This Money in the Media Monday we will be discussing how the Coronavirus is changing the conversation about money and potentially traditional money roles going forward. This week’s article is from The New York Times, called “How Covid Has Altered the Conversation About Money.” This topic is very close to home for me as my parents were in a very similar, traditional situation. So, without further ado, let’s get into this week’s article.
The “traditional” role is that the husband in the family would manage the family finances. Women would be aware of the finances only in the way that they did or did not affect the household. I know that this was the way that my parents did their finances and it seems that this is still the way that many households in the US run. Covid might be changing that for the better
Now, that is not to say that a way in which a household does their own finances is wrong, as long as it works for them. However, my issue comes from the lack of awareness and knowledge of those finances by one of the heads of household. Once one half of the partnership is unaware of the finances and cannot step in as needed, there are many potential problems. The extreme of this could be a sign of financial/domestic abuse (If you are in this situation currently, please see the resources in the reference article.)
According to the US Bank Women and Wealth Insights Study from March 2020, women in the position to have $25,000 of investable assets are more likely to have negative connotations around financial planning. There is a 16% difference between the numbers of men and women on this front. These numbers may be even more skewed for those with less assets since women are more likely to be caregivers for children and parents. Additionally, only 52% of women even talk about money with their friends while over 60% of men do the same.

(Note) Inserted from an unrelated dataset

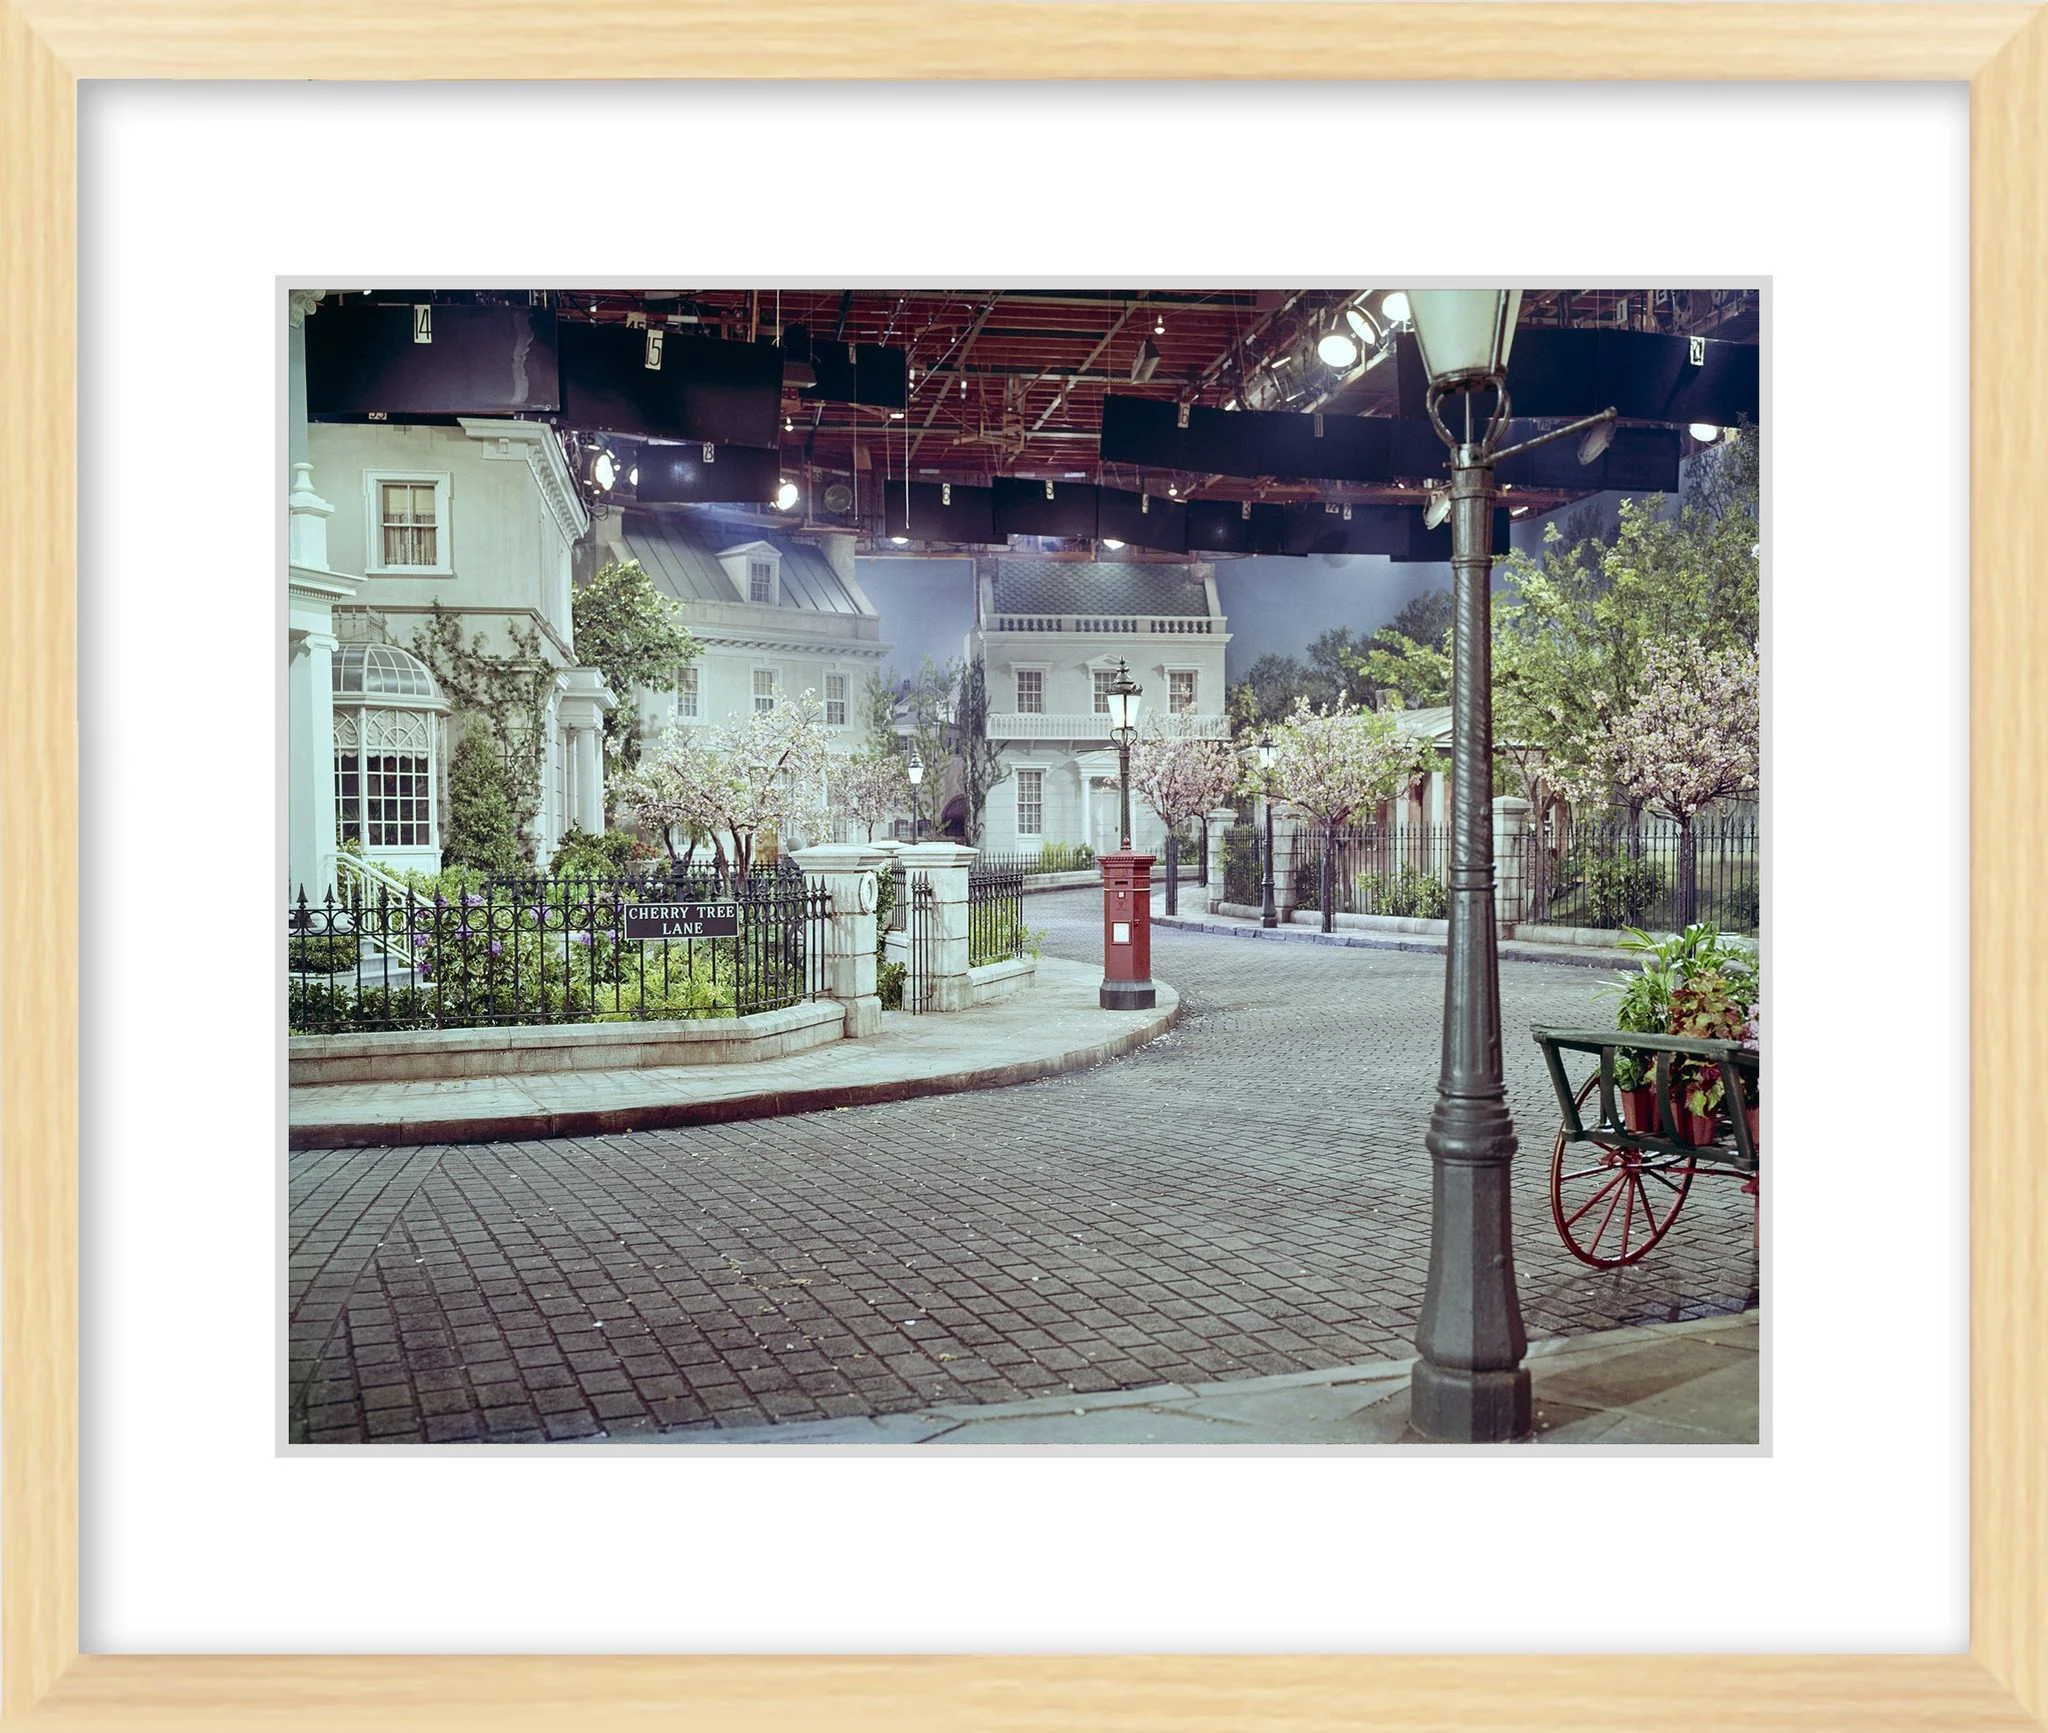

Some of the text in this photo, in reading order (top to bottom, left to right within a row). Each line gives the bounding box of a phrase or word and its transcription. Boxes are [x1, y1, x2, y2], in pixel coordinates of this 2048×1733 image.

While it may seem easier to just avoid the anxiety and avoid the conversation, now is the time to bring it all out in the open. The pandemic has caused an even steeper divide with over 11.5 million women losing their jobs vs. 9 million men just between February and May of this year. All of these stats may be stacked against women, but they are also becoming the catalyst for changing the conversation.
Changing the Conversation
Women are planners by nature, so for us this is an opportunity to ask the husband or whoever’s managing the finances, what’s our plan? Not just what’s our budget or mortgage, but what’s our plan for life insurance? Where do you want to be buried? That might be the first time they’re asking the questions in a long time.Erika Wasserman
This is the most important conversation that you can have in your relationship. It’s not just about what are the bills and how are they paid. Note: that conversation IS critical and I recommend that everyone use this ICE binder to track that information. On top of the logistics of your household finances, having this conversation will align you and your partner on your long term goals, both those related to and driven by money. Many times I feel that the conversation is focused on the mechanics of finances, but it is equally important to be on the same page as it relates to the life you want to build with your money. One of the couples interviewed for this article had this to say on those talks:
But all of their talks, she said, “brought us to a new level. We didn’t realize how much pressure money has put on us. Covid gave us the ability to say, what do we really need and not need? It has been a blessing for us in disguise.”Tara Beier
Very simply, the takeaway from all of this is to TALK with your partner about where your finances are and where you want them to go, together. Focusing on changing the conversation to working as a team will not only improve your finances, but also your relationship. In the article, Michelle Smith of Source Financial Advisors recommends asking and knowing the answers to the following questions:
1. How are assets titled and what is, and isn’t, in joint accounts? This is especially important for access in case of prolonged illness or death.
2. Where are all the important documents? Do I have access and login information for all accounts, such as savings, investments, retirement, marital assets and trusts?
3. Do I have enough funds in my own name to get through six months of my family’s total overhead expenses, like housing, taxes and personal expenses?
4. Am I the owner or beneficiary of my husband’s life insurance policy? If the policy is owned by a trust, do I know who the trustees are or if I am a beneficiary of the trust?
5. What is my legal or emotional recourse if my husband refuses to share information? (The quick answer: no recourse, unless you file for divorce, which compels financial discovery.)
In addition to these items, I strongly recommend that you use this opportunity to discuss estate planning documents like a power of attorney, will/trust and healthcare directive. Check out my FREE e-book on this for more in depth information on these documents.
There have been so many negatives with the coronavirus pandemic. Creating the very real opportunity to have these open and honest conversations may just be the one positive we’ve been looking for.